THE TASK:
Once the data has been read, return all of it precisely as written.

WORKING DATA:

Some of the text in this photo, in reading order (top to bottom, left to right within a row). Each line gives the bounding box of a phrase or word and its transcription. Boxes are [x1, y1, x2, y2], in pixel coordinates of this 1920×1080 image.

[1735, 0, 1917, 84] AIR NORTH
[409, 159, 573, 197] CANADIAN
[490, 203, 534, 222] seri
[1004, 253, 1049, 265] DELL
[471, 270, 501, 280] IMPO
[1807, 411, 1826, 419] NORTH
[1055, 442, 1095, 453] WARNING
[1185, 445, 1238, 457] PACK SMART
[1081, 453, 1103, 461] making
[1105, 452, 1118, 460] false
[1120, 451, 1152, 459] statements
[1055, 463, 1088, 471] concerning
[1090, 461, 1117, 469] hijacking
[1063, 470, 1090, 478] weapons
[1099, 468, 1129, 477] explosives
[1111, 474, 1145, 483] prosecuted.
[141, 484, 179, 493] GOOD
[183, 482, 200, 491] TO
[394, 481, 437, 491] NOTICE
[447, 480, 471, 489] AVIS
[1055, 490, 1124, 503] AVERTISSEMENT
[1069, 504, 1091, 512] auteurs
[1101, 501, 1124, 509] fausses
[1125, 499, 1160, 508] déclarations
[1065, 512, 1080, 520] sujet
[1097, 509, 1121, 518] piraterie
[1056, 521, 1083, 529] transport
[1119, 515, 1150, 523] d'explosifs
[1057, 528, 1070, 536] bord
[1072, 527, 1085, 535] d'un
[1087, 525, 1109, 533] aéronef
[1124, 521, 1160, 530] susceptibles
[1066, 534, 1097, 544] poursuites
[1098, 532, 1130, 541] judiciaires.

ANSWER AREA:
Some of the text in this photo, in reading order (top to bottom, left to right within a row). Each line gives the bounding box of a phrase or word and its transcription. Boxes are [x1, y1, x2, y2], in pixel coordinates of this 1920×1080 image.

[1735, 0, 1917, 84] AIR NORTH
[409, 159, 573, 197] CANADIAN
[490, 203, 534, 222] seri
[1004, 253, 1049, 265] DELL
[471, 270, 501, 280] IMPO
[1807, 411, 1826, 419] NORTH
[1055, 442, 1095, 453] WARNING
[1185, 445, 1238, 457] PACK SMART
[1081, 453, 1103, 461] making
[1105, 452, 1118, 460] false
[1120, 451, 1152, 459] statements
[1055, 463, 1088, 471] concerning
[1090, 461, 1117, 469] hijacking
[1063, 470, 1090, 478] weapons
[1099, 468, 1129, 477] explosives
[1111, 474, 1145, 483] prosecuted.
[141, 484, 179, 493] GOOD
[183, 482, 200, 491] TO
[394, 481, 437, 491] NOTICE
[447, 480, 471, 489] AVIS
[1055, 490, 1124, 503] AVERTISSEMENT
[1069, 504, 1091, 512] auteurs
[1101, 501, 1124, 509] fausses
[1125, 499, 1160, 508] déclarations
[1065, 512, 1080, 520] sujet
[1097, 509, 1121, 518] piraterie
[1056, 521, 1083, 529] transport
[1119, 515, 1150, 523] d'explosifs
[1057, 528, 1070, 536] bord
[1072, 527, 1085, 535] d'un
[1087, 525, 1109, 533] aéronef
[1124, 521, 1160, 530] susceptibles
[1066, 534, 1097, 544] poursuites
[1098, 532, 1130, 541] judiciaires.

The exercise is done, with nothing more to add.